--- Work instructions ---
Pictures should not appear in the copy; the records themselves must be written out exactly.

--- Available data ---
▼▼▼

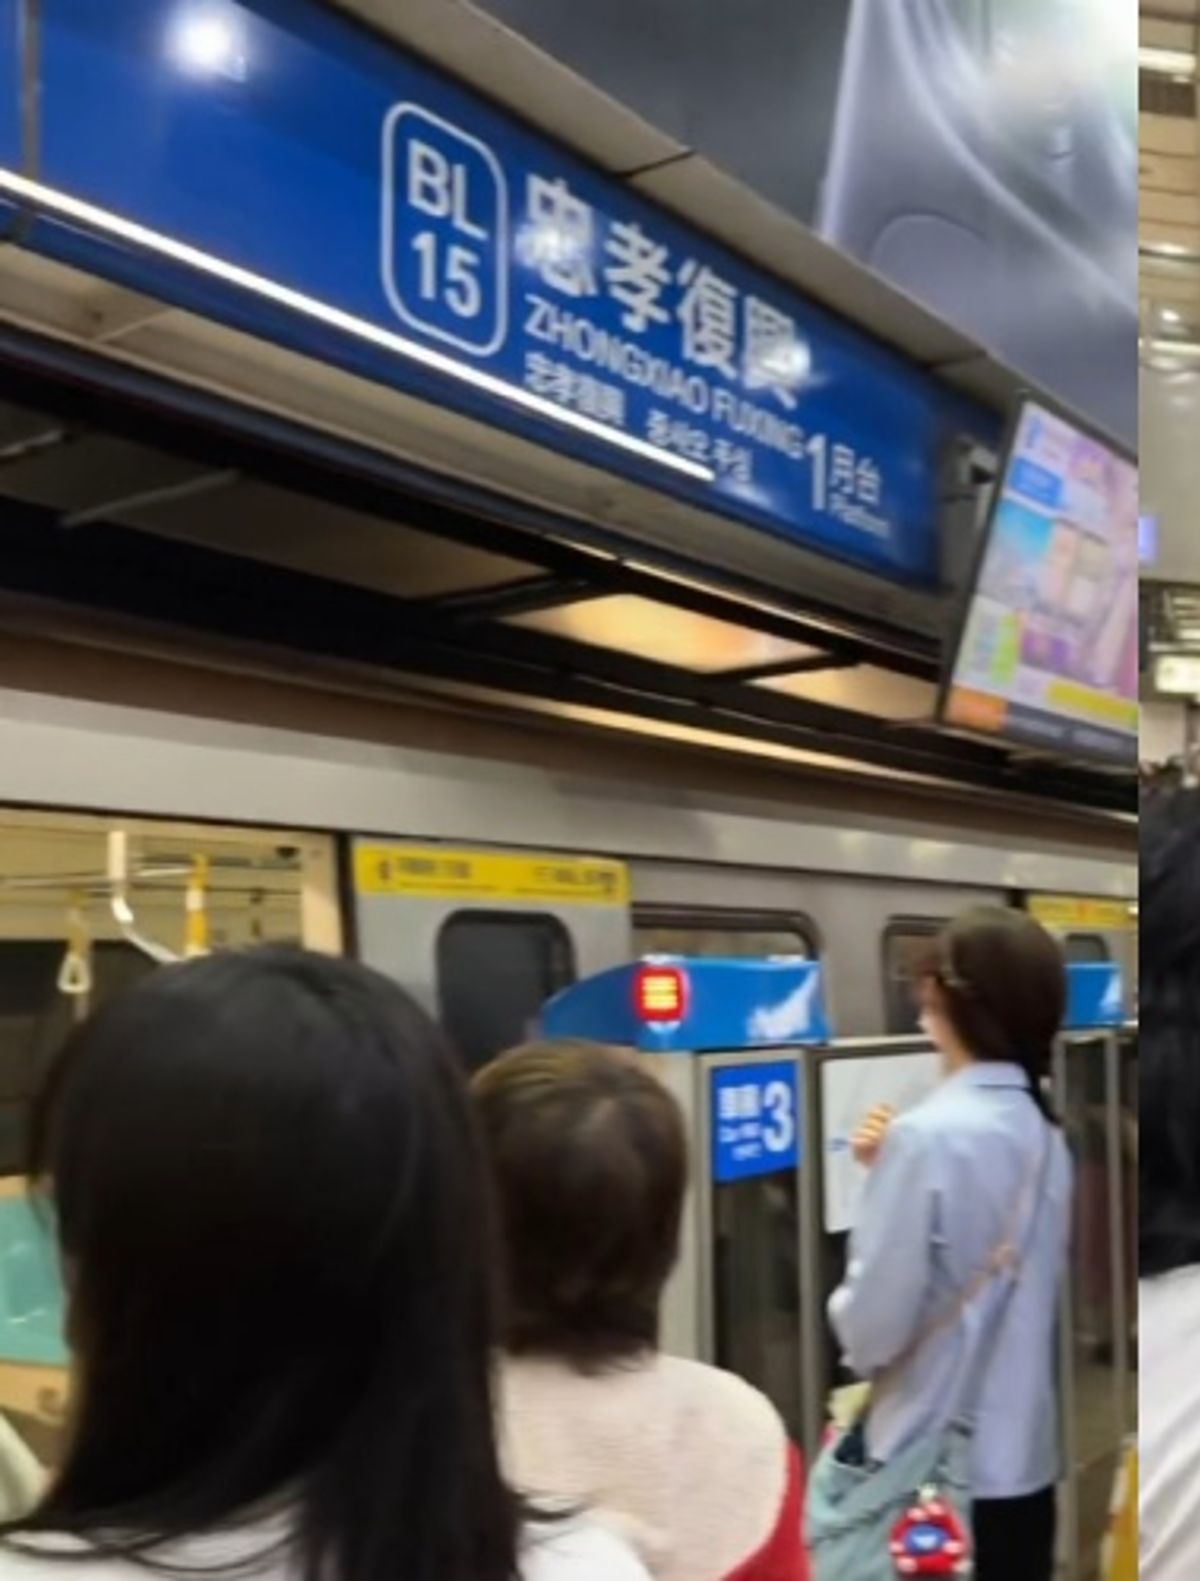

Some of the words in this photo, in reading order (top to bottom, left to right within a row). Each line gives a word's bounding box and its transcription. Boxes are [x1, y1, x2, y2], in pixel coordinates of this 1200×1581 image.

[408, 139, 486, 240] BL
[411, 233, 482, 318] 15
[524, 293, 709, 413] ZHONGXIAO
[807, 433, 827, 511] 1
[830, 443, 882, 505] 月台
[763, 1080, 794, 1152] 3

▲▲▲

--- Answer for this exercise ---
Some of the words in this photo, in reading order (top to bottom, left to right within a row). Each line gives a word's bounding box and its transcription. Boxes are [x1, y1, x2, y2], in pixel coordinates of this 1200×1581 image.

[408, 139, 486, 240] BL
[411, 233, 482, 318] 15
[524, 293, 709, 413] ZHONGXIAO
[807, 433, 827, 511] 1
[830, 443, 882, 505] 月台
[763, 1080, 794, 1152] 3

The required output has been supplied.